7. Comparison Method
In the comparison method of evaluation, several products in the market are compared against similar value features of ELNs The pricing dynamics of ELNs arrive at a comprehensive form of comparative analysis of similar value investment products. Therefore, you get a relative valuation against comparing market prices of similar instruments.
8. Hybrid Or Combination Approaches
When you adopt a blend of pricing techniques to arrive at payoff and investment structures, we call it a hybrid method or combination approach of valuation for equity-linked notes. This method is particularly used when the elns have non-traditional payoffs or other complex structures to the working mechanism of the same.
What Are The Different Types of ELNs- Insights Explained
There are three types of ELNs that you can choose from. These are:
- Principal protected ELNs
- Non-principal protected ELNs and
- Hybrid ELNs
Helping you get a run-down into each of the above:
- 1. Principal Protected ELNs
As the name suggests, these are ELNs that come to you with full principal protection. The investors are assured of receiving their principal money at the term of maturity. And, they are assured of receiving their capital amount despite adverse market conditions. The principal protection aspect makes elns appealing to risk-averse investors. Investors will get income through coupon payments or via dividend disbursements while receiving exposure to the equity markets too.

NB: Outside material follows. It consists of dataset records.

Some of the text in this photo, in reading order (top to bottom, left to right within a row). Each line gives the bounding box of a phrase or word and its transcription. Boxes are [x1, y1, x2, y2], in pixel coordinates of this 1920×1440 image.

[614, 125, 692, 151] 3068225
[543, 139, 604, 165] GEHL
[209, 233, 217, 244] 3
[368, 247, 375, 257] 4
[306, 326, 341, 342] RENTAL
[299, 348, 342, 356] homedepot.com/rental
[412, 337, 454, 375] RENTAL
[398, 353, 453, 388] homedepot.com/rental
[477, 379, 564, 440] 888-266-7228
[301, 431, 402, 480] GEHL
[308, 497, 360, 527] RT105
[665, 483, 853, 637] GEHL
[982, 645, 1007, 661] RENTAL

- 2. Non-principal protected ELNs
Non-principal protected ELNs do not guarantee the protection of investor’s capital. If market conditions are favorable, then investors get potential returns of capital from the assets the ELNs are linked to. On the other hand, if market conditions fail or remain adverse, then investors might lose a portion of or the entire value of their capital investment.

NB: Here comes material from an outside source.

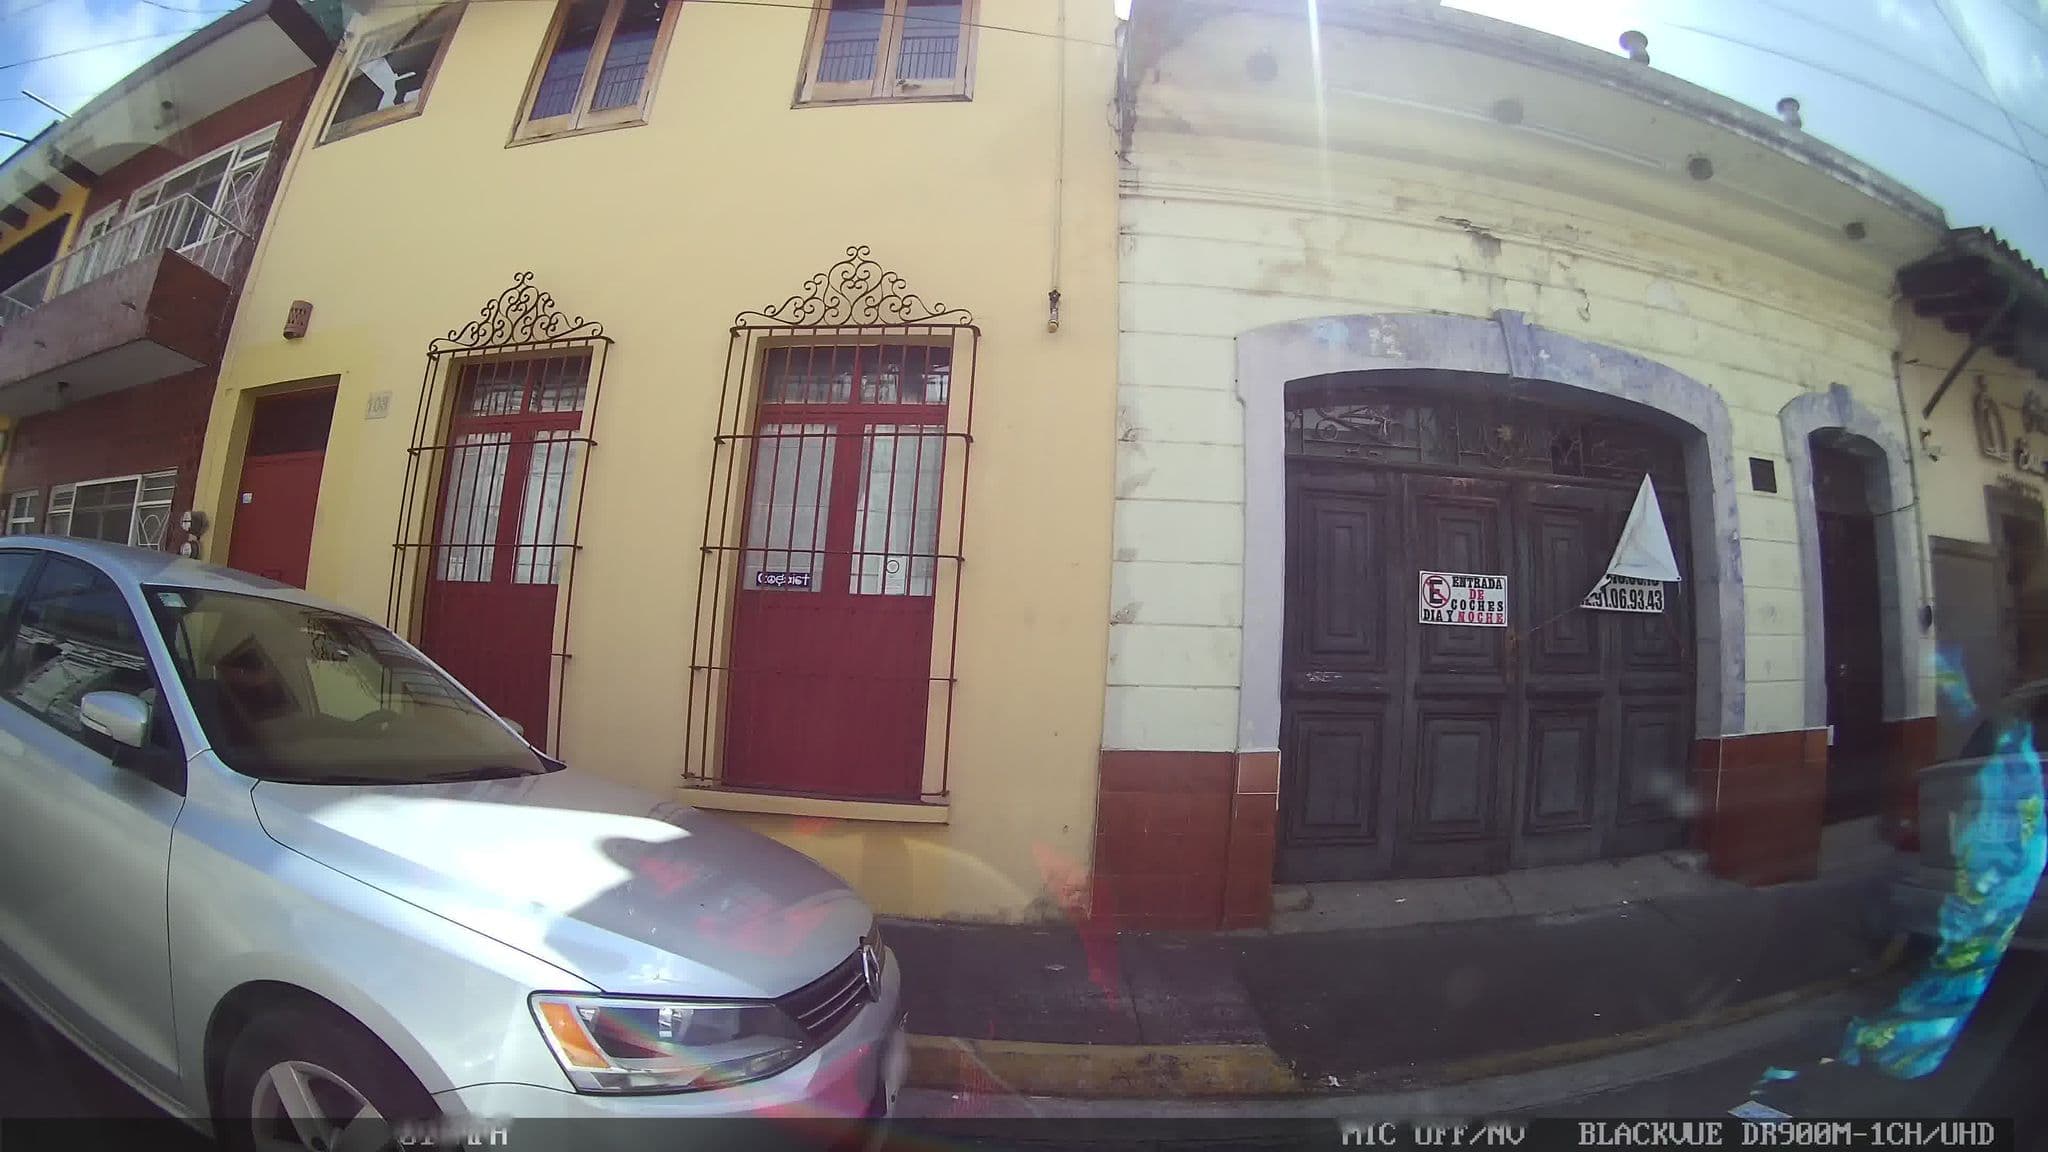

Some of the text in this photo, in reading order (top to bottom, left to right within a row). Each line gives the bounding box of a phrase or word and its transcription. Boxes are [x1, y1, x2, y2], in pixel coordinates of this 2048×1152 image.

[1452, 576, 1503, 589] ENTRADA
[1469, 589, 1485, 600] DE
[1451, 599, 1504, 612] COCHES
[1423, 609, 1504, 624] DIA Y NOCHE

Say for instance, if the equity assets of the elns are endowed with call or put options and the market performance behaves otherwise, then investors may lose their capital investment. However, these notes expose investors to higher rates of return as the equity assets are exposed to favorable market conditions.
- 3. Hybrid ELNs
Hybrid ELNs have a mix of principal and non-principal protected ELNs. While the potential returns of these ELNs are linked to the equity assets the notes are linked with, adverse market conditions might allow the value of these notes to depreciate in their index values before they are up for redemption. As ELNs are flexible as structured notes, these notes are so highly in demand amongst investors on the whole.
Key Takeaways
Equity-linked notes provide flexible forms of returns to investors who require more dynamic options for investing. The equity-linked notes provide equity options for investors who want increased dividends or earnings on a lucrative note. At the same time, the prevalence of a debt instrument takes care of an investor’s risk tolerance in a reliable manner.
Therefore, ELN is a type of structured note that can be a prudent investment decision indeed. The investors earn higher returns when the linked-in assets perform well in the market. At the same time, if the markets do not perform well, then investors may lose a portion of their capital investment amount too. The notes also carry credit risks within the whim.
Therefore, investing in ELNS must be done once every investor reads through the terms and conditions before the investor would want to invest by locking in a specific maturity date.